**** RECORD EXTRACTS ****
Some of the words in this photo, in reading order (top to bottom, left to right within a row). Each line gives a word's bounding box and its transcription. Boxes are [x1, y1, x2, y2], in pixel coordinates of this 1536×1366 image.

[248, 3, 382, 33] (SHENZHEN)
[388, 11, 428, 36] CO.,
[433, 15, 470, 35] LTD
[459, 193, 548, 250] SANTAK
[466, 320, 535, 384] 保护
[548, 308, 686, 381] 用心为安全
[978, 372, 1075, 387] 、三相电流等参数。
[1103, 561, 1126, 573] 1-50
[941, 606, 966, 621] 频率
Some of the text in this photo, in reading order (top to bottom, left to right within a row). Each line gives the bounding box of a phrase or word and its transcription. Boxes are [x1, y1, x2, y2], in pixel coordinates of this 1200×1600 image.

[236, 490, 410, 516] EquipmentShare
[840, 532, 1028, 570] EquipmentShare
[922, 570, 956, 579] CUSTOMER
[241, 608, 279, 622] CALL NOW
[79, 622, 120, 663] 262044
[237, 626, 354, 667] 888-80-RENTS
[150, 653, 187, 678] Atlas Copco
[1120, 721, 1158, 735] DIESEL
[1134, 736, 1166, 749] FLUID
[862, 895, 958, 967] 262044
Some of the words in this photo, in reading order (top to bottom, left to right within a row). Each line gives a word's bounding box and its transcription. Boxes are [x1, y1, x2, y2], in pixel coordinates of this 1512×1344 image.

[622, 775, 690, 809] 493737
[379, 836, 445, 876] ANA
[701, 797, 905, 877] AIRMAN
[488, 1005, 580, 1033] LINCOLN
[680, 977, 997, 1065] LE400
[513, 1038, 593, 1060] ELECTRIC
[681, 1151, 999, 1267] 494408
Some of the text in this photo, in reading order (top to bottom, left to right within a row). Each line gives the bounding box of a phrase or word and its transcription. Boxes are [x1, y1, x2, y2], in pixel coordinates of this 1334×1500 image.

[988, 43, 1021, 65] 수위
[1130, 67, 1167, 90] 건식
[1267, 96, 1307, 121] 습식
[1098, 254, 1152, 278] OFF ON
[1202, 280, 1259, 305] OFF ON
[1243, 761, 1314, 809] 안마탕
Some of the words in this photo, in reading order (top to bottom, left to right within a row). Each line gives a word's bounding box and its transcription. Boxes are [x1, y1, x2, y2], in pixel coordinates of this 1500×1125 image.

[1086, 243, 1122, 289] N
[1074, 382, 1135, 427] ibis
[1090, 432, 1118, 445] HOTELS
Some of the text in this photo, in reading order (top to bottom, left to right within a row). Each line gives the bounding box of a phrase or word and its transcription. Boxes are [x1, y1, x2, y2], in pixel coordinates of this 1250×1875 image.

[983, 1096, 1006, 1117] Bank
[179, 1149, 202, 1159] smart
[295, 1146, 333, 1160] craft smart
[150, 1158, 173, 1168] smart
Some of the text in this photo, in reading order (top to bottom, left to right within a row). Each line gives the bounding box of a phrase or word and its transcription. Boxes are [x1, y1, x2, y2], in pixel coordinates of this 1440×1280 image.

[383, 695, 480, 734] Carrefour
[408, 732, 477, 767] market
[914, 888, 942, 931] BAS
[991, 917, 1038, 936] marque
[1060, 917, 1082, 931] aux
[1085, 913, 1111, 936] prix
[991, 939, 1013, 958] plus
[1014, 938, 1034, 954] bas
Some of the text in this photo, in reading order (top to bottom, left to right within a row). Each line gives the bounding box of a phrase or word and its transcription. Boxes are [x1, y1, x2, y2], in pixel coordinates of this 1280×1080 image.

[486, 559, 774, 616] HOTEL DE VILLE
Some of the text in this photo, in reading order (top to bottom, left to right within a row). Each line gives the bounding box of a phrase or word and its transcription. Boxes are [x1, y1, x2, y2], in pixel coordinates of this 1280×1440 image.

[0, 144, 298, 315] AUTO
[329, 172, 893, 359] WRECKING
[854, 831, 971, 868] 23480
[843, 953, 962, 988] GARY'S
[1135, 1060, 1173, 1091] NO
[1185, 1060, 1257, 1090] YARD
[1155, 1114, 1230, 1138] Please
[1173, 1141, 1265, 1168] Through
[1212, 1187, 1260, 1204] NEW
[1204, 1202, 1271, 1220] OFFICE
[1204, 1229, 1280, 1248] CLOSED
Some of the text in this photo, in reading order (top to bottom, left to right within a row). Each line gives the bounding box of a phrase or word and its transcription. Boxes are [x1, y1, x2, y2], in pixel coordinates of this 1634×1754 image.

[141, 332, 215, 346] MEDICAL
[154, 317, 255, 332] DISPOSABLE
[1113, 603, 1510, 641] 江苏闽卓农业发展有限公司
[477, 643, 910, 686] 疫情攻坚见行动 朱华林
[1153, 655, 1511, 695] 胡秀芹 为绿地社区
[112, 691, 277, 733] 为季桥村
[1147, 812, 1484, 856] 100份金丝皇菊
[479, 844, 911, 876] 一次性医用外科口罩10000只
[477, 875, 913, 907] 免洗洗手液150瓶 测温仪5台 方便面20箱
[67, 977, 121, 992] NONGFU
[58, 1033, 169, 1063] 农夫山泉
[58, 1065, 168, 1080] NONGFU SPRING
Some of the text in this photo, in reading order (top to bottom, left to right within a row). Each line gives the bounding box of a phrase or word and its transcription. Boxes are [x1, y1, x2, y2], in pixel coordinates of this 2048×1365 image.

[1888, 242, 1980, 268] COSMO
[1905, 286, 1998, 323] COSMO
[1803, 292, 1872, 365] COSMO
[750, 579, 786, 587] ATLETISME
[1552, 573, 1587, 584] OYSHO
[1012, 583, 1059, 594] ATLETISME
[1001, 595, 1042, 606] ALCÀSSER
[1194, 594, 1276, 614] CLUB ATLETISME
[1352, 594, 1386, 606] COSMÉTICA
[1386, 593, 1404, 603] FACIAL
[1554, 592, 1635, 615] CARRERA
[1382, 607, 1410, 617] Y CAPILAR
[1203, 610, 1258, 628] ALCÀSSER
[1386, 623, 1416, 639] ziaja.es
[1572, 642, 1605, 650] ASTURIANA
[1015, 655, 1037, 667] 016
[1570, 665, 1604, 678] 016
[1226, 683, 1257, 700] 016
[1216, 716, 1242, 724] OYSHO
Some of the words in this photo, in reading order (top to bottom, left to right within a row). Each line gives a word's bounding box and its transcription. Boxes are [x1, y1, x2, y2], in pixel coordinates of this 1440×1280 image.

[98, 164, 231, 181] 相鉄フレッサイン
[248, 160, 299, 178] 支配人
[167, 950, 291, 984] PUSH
****
## WHAT NEEDS TO BE DONE
Go through the records and copy each one exactly.

## RESPONSE BOX
Some of the words in this photo, in reading order (top to bottom, left to right within a row). Each line gives a word's bounding box and its transcription. Boxes are [x1, y1, x2, y2], in pixel coordinates of this 1536×1366 image.

[248, 3, 382, 33] (SHENZHEN)
[388, 11, 428, 36] CO.,
[433, 15, 470, 35] LTD
[459, 193, 548, 250] SANTAK
[466, 320, 535, 384] 保护
[548, 308, 686, 381] 用心为安全
[978, 372, 1075, 387] 、三相电流等参数。
[1103, 561, 1126, 573] 1-50
[941, 606, 966, 621] 频率
Some of the text in this photo, in reading order (top to bottom, left to right within a row). Each line gives the bounding box of a phrase or word and its transcription. Boxes are [x1, y1, x2, y2], in pixel coordinates of this 1200×1600 image.

[236, 490, 410, 516] EquipmentShare
[840, 532, 1028, 570] EquipmentShare
[922, 570, 956, 579] CUSTOMER
[241, 608, 279, 622] CALL NOW
[79, 622, 120, 663] 262044
[237, 626, 354, 667] 888-80-RENTS
[150, 653, 187, 678] Atlas Copco
[1120, 721, 1158, 735] DIESEL
[1134, 736, 1166, 749] FLUID
[862, 895, 958, 967] 262044
Some of the words in this photo, in reading order (top to bottom, left to right within a row). Each line gives a word's bounding box and its transcription. Boxes are [x1, y1, x2, y2], in pixel coordinates of this 1512×1344 image.

[622, 775, 690, 809] 493737
[379, 836, 445, 876] ANA
[701, 797, 905, 877] AIRMAN
[488, 1005, 580, 1033] LINCOLN
[680, 977, 997, 1065] LE400
[513, 1038, 593, 1060] ELECTRIC
[681, 1151, 999, 1267] 494408
Some of the text in this photo, in reading order (top to bottom, left to right within a row). Each line gives the bounding box of a phrase or word and its transcription. Boxes are [x1, y1, x2, y2], in pixel coordinates of this 1334×1500 image.

[988, 43, 1021, 65] 수위
[1130, 67, 1167, 90] 건식
[1267, 96, 1307, 121] 습식
[1098, 254, 1152, 278] OFF ON
[1202, 280, 1259, 305] OFF ON
[1243, 761, 1314, 809] 안마탕
Some of the words in this photo, in reading order (top to bottom, left to right within a row). Each line gives a word's bounding box and its transcription. Boxes are [x1, y1, x2, y2], in pixel coordinates of this 1500×1125 image.

[1086, 243, 1122, 289] N
[1074, 382, 1135, 427] ibis
[1090, 432, 1118, 445] HOTELS
Some of the text in this photo, in reading order (top to bottom, left to right within a row). Each line gives the bounding box of a phrase or word and its transcription. Boxes are [x1, y1, x2, y2], in pixel coordinates of this 1250×1875 image.

[983, 1096, 1006, 1117] Bank
[179, 1149, 202, 1159] smart
[295, 1146, 333, 1160] craft smart
[150, 1158, 173, 1168] smart
Some of the text in this photo, in reading order (top to bottom, left to right within a row). Each line gives the bounding box of a phrase or word and its transcription. Boxes are [x1, y1, x2, y2], in pixel coordinates of this 1440×1280 image.

[383, 695, 480, 734] Carrefour
[408, 732, 477, 767] market
[914, 888, 942, 931] BAS
[991, 917, 1038, 936] marque
[1060, 917, 1082, 931] aux
[1085, 913, 1111, 936] prix
[991, 939, 1013, 958] plus
[1014, 938, 1034, 954] bas
Some of the text in this photo, in reading order (top to bottom, left to right within a row). Each line gives the bounding box of a phrase or word and its transcription. Boxes are [x1, y1, x2, y2], in pixel coordinates of this 1280×1080 image.

[486, 559, 774, 616] HOTEL DE VILLE
Some of the text in this photo, in reading order (top to bottom, left to right within a row). Each line gives the bounding box of a phrase or word and its transcription. Boxes are [x1, y1, x2, y2], in pixel coordinates of this 1280×1440 image.

[0, 144, 298, 315] AUTO
[329, 172, 893, 359] WRECKING
[854, 831, 971, 868] 23480
[843, 953, 962, 988] GARY'S
[1135, 1060, 1173, 1091] NO
[1185, 1060, 1257, 1090] YARD
[1155, 1114, 1230, 1138] Please
[1173, 1141, 1265, 1168] Through
[1212, 1187, 1260, 1204] NEW
[1204, 1202, 1271, 1220] OFFICE
[1204, 1229, 1280, 1248] CLOSED
Some of the text in this photo, in reading order (top to bottom, left to right within a row). Each line gives the bounding box of a phrase or word and its transcription. Boxes are [x1, y1, x2, y2], in pixel coordinates of this 1634×1754 image.

[141, 332, 215, 346] MEDICAL
[154, 317, 255, 332] DISPOSABLE
[1113, 603, 1510, 641] 江苏闽卓农业发展有限公司
[477, 643, 910, 686] 疫情攻坚见行动 朱华林
[1153, 655, 1511, 695] 胡秀芹 为绿地社区
[112, 691, 277, 733] 为季桥村
[1147, 812, 1484, 856] 100份金丝皇菊
[479, 844, 911, 876] 一次性医用外科口罩10000只
[477, 875, 913, 907] 免洗洗手液150瓶 测温仪5台 方便面20箱
[67, 977, 121, 992] NONGFU
[58, 1033, 169, 1063] 农夫山泉
[58, 1065, 168, 1080] NONGFU SPRING
Some of the text in this photo, in reading order (top to bottom, left to right within a row). Each line gives the bounding box of a phrase or word and its transcription. Boxes are [x1, y1, x2, y2], in pixel coordinates of this 2048×1365 image.

[1888, 242, 1980, 268] COSMO
[1905, 286, 1998, 323] COSMO
[1803, 292, 1872, 365] COSMO
[750, 579, 786, 587] ATLETISME
[1552, 573, 1587, 584] OYSHO
[1012, 583, 1059, 594] ATLETISME
[1001, 595, 1042, 606] ALCÀSSER
[1194, 594, 1276, 614] CLUB ATLETISME
[1352, 594, 1386, 606] COSMÉTICA
[1386, 593, 1404, 603] FACIAL
[1554, 592, 1635, 615] CARRERA
[1382, 607, 1410, 617] Y CAPILAR
[1203, 610, 1258, 628] ALCÀSSER
[1386, 623, 1416, 639] ziaja.es
[1572, 642, 1605, 650] ASTURIANA
[1015, 655, 1037, 667] 016
[1570, 665, 1604, 678] 016
[1226, 683, 1257, 700] 016
[1216, 716, 1242, 724] OYSHO
Some of the words in this photo, in reading order (top to bottom, left to right within a row). Each line gives a word's bounding box and its transcription. Boxes are [x1, y1, x2, y2], in pixel coordinates of this 1440×1280 image.

[98, 164, 231, 181] 相鉄フレッサイン
[248, 160, 299, 178] 支配人
[167, 950, 291, 984] PUSH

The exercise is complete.